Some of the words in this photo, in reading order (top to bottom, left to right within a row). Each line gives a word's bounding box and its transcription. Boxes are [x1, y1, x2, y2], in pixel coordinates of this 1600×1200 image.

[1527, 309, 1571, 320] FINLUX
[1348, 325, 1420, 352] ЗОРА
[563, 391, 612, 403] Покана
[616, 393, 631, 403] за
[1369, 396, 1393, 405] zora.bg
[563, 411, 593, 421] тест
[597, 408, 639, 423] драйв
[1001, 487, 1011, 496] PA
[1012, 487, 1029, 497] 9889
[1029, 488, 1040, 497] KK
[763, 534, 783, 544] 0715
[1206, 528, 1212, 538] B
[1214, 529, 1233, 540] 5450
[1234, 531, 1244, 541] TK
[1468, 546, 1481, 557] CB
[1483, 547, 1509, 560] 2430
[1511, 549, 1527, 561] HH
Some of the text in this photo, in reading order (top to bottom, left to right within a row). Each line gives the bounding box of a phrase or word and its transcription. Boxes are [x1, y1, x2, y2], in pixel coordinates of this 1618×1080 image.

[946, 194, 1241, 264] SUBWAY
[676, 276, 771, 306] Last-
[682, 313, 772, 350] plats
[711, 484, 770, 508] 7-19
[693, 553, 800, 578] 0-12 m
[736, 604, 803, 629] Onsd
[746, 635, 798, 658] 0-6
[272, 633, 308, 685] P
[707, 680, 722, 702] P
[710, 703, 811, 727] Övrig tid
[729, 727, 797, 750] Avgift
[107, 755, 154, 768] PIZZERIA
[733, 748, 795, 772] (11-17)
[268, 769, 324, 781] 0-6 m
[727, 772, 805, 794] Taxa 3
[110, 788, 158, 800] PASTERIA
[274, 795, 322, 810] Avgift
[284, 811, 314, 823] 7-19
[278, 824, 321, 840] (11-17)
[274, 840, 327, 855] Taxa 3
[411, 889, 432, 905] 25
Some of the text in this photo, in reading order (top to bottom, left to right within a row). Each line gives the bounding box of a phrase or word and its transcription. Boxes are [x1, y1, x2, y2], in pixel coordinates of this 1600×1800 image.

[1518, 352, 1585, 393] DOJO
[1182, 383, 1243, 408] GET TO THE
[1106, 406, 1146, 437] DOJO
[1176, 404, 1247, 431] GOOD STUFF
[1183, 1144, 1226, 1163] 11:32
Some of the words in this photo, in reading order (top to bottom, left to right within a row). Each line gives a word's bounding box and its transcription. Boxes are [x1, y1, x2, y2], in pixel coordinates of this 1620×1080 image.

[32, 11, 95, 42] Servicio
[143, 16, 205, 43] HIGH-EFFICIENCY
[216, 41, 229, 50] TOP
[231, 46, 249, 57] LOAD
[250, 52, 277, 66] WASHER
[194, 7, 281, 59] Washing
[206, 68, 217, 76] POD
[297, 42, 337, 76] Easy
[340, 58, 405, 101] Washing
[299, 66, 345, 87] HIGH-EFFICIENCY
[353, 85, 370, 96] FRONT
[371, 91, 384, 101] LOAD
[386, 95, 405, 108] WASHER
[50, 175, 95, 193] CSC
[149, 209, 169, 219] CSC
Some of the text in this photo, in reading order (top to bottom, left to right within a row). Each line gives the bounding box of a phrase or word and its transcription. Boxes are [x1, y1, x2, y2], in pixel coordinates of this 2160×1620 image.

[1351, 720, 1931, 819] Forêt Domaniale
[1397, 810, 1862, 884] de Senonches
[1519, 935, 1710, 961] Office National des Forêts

* **Description of the task**
Down to the last line, repeat the data exactly.

* **Task result**
Some of the words in this photo, in reading order (top to bottom, left to right within a row). Each line gives a word's bounding box and its transcription. Boxes are [x1, y1, x2, y2], in pixel coordinates of this 1600×1200 image.

[1527, 309, 1571, 320] FINLUX
[1348, 325, 1420, 352] ЗОРА
[563, 391, 612, 403] Покана
[616, 393, 631, 403] за
[1369, 396, 1393, 405] zora.bg
[563, 411, 593, 421] тест
[597, 408, 639, 423] драйв
[1001, 487, 1011, 496] PA
[1012, 487, 1029, 497] 9889
[1029, 488, 1040, 497] KK
[763, 534, 783, 544] 0715
[1206, 528, 1212, 538] B
[1214, 529, 1233, 540] 5450
[1234, 531, 1244, 541] TK
[1468, 546, 1481, 557] CB
[1483, 547, 1509, 560] 2430
[1511, 549, 1527, 561] HH
Some of the text in this photo, in reading order (top to bottom, left to right within a row). Each line gives the bounding box of a phrase or word and its transcription. Boxes are [x1, y1, x2, y2], in pixel coordinates of this 1618×1080 image.

[946, 194, 1241, 264] SUBWAY
[676, 276, 771, 306] Last-
[682, 313, 772, 350] plats
[711, 484, 770, 508] 7-19
[693, 553, 800, 578] 0-12 m
[736, 604, 803, 629] Onsd
[746, 635, 798, 658] 0-6
[272, 633, 308, 685] P
[707, 680, 722, 702] P
[710, 703, 811, 727] Övrig tid
[729, 727, 797, 750] Avgift
[107, 755, 154, 768] PIZZERIA
[733, 748, 795, 772] (11-17)
[268, 769, 324, 781] 0-6 m
[727, 772, 805, 794] Taxa 3
[110, 788, 158, 800] PASTERIA
[274, 795, 322, 810] Avgift
[284, 811, 314, 823] 7-19
[278, 824, 321, 840] (11-17)
[274, 840, 327, 855] Taxa 3
[411, 889, 432, 905] 25
Some of the text in this photo, in reading order (top to bottom, left to right within a row). Each line gives the bounding box of a phrase or word and its transcription. Boxes are [x1, y1, x2, y2], in pixel coordinates of this 1600×1800 image.

[1518, 352, 1585, 393] DOJO
[1182, 383, 1243, 408] GET TO THE
[1106, 406, 1146, 437] DOJO
[1176, 404, 1247, 431] GOOD STUFF
[1183, 1144, 1226, 1163] 11:32
Some of the words in this photo, in reading order (top to bottom, left to right within a row). Each line gives a word's bounding box and its transcription. Boxes are [x1, y1, x2, y2], in pixel coordinates of this 1620×1080 image.

[32, 11, 95, 42] Servicio
[143, 16, 205, 43] HIGH-EFFICIENCY
[216, 41, 229, 50] TOP
[231, 46, 249, 57] LOAD
[250, 52, 277, 66] WASHER
[194, 7, 281, 59] Washing
[206, 68, 217, 76] POD
[297, 42, 337, 76] Easy
[340, 58, 405, 101] Washing
[299, 66, 345, 87] HIGH-EFFICIENCY
[353, 85, 370, 96] FRONT
[371, 91, 384, 101] LOAD
[386, 95, 405, 108] WASHER
[50, 175, 95, 193] CSC
[149, 209, 169, 219] CSC
Some of the text in this photo, in reading order (top to bottom, left to right within a row). Each line gives the bounding box of a phrase or word and its transcription. Boxes are [x1, y1, x2, y2], in pixel coordinates of this 2160×1620 image.

[1351, 720, 1931, 819] Forêt Domaniale
[1397, 810, 1862, 884] de Senonches
[1519, 935, 1710, 961] Office National des Forêts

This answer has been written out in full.